Savings? Expect to save £155 per year with quality cavity wall insulation, and a further £125 per year with quality loft insulation.
Renewable energy, e.g. Solar panels & heat pumps
Renewable energy sources allow you to generate your own electricity. If you're interested in solar panels, your roof space will ideally face south, remain unshaded, at a pitch angle of around 30 to 40 degrees. Space is a crucial consideration too. For example, a roof area of 10m2 to 20m2 would be able to generate 20% - 45% of a typical household's electricity needs.
The two most common types of heat pump are air-source heat pumps (ASHP) and ground-source heat pumps (GSHP). Providing properties with essential hot water and central heating, heat pumps work by moving the heat present in one location to a different location - using a fraction of the amount of energy required for conventional heating systems.
It's important to note that renewable energy sources like these have the potential to hit stumbling blocks if the property is a listed building or in a conservation area. So, it's always wise to check with our local authority before going ahead.
EPC difference? Depending on the size of the system installed, a large 16 panel solar PV system could add 10 points to the energy rating.
Ground source heat pumps or ultra-efficient air source heat pumps average a several point improvement. However, the best way to increase energy efficiency is to combine renewable energy sources together.

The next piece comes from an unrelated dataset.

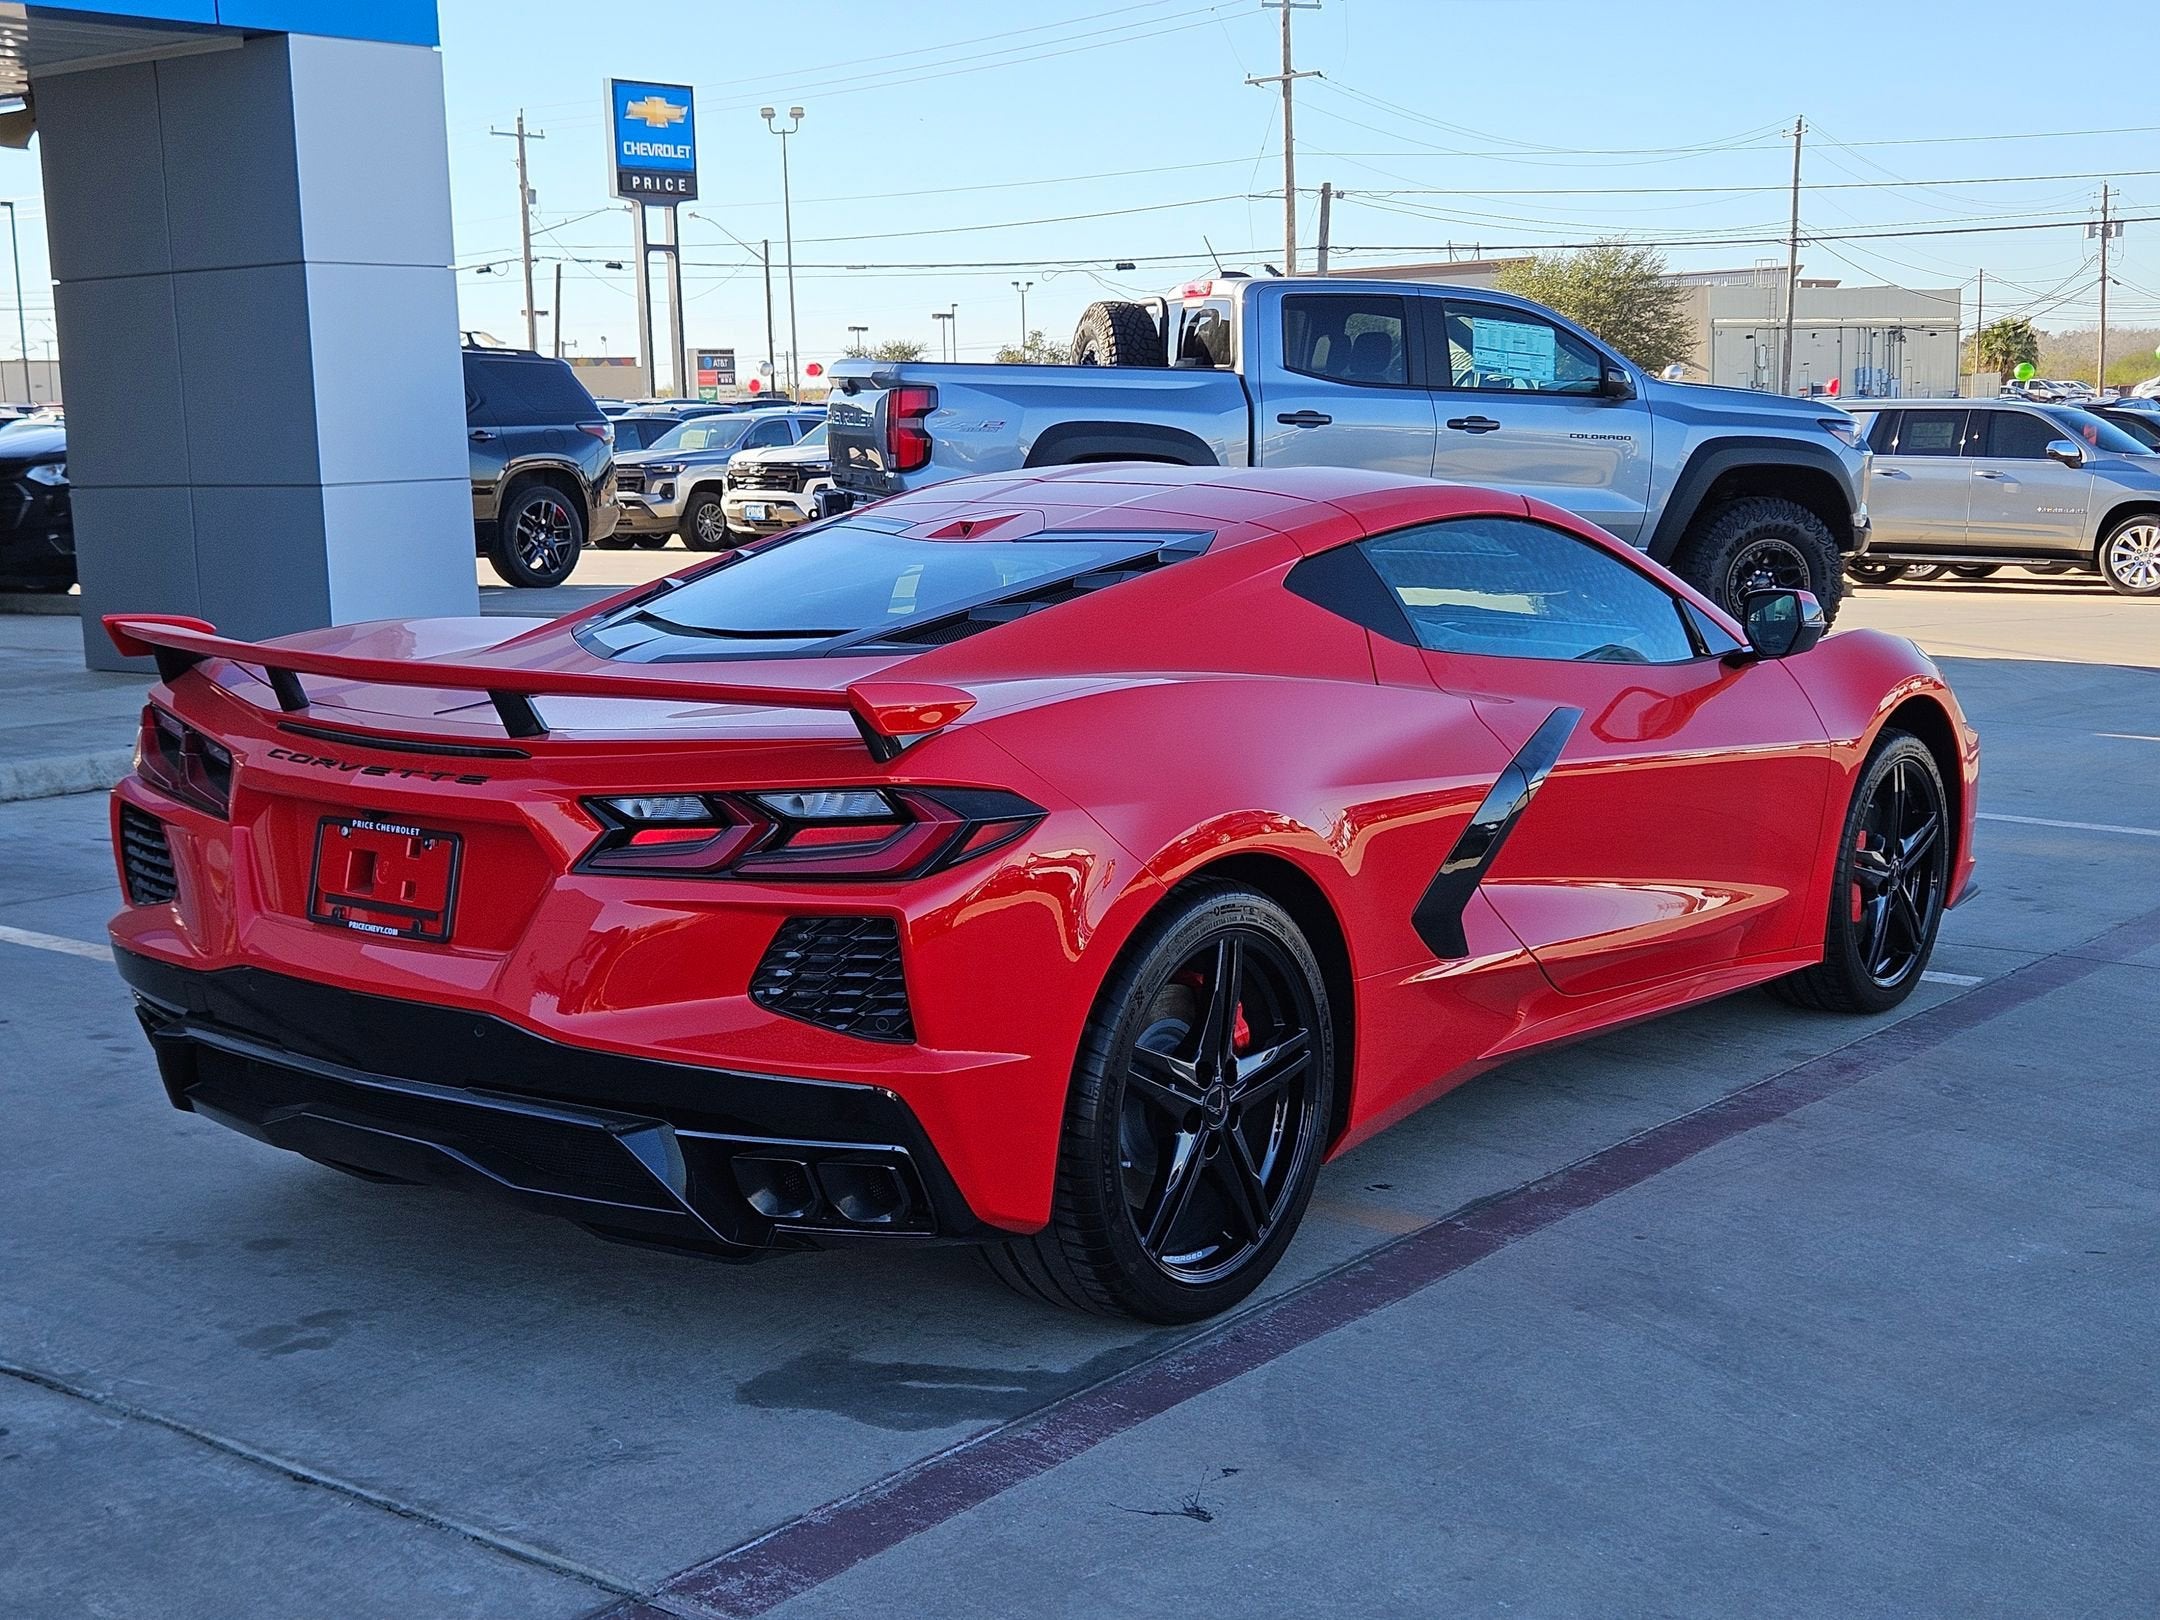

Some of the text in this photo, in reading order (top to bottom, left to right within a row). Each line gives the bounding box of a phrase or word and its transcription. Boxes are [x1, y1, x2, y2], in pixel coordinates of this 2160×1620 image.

For example, the combination of a heat pump and solar panel system can increase an EPC rating by around 6 points.
Savings? This depends on location. For example, a 3.5Wp solar panel system located in the south of England can generate around 3,700 kilowatt hours of electricity per year; the same amount of electricity it takes to turn the London Eye 49 times!
Check out this handy Solar Energy Calculator from the Energy Saving Trust.
Heat pumps have the potential to deliver savings of up to £1,550 a year.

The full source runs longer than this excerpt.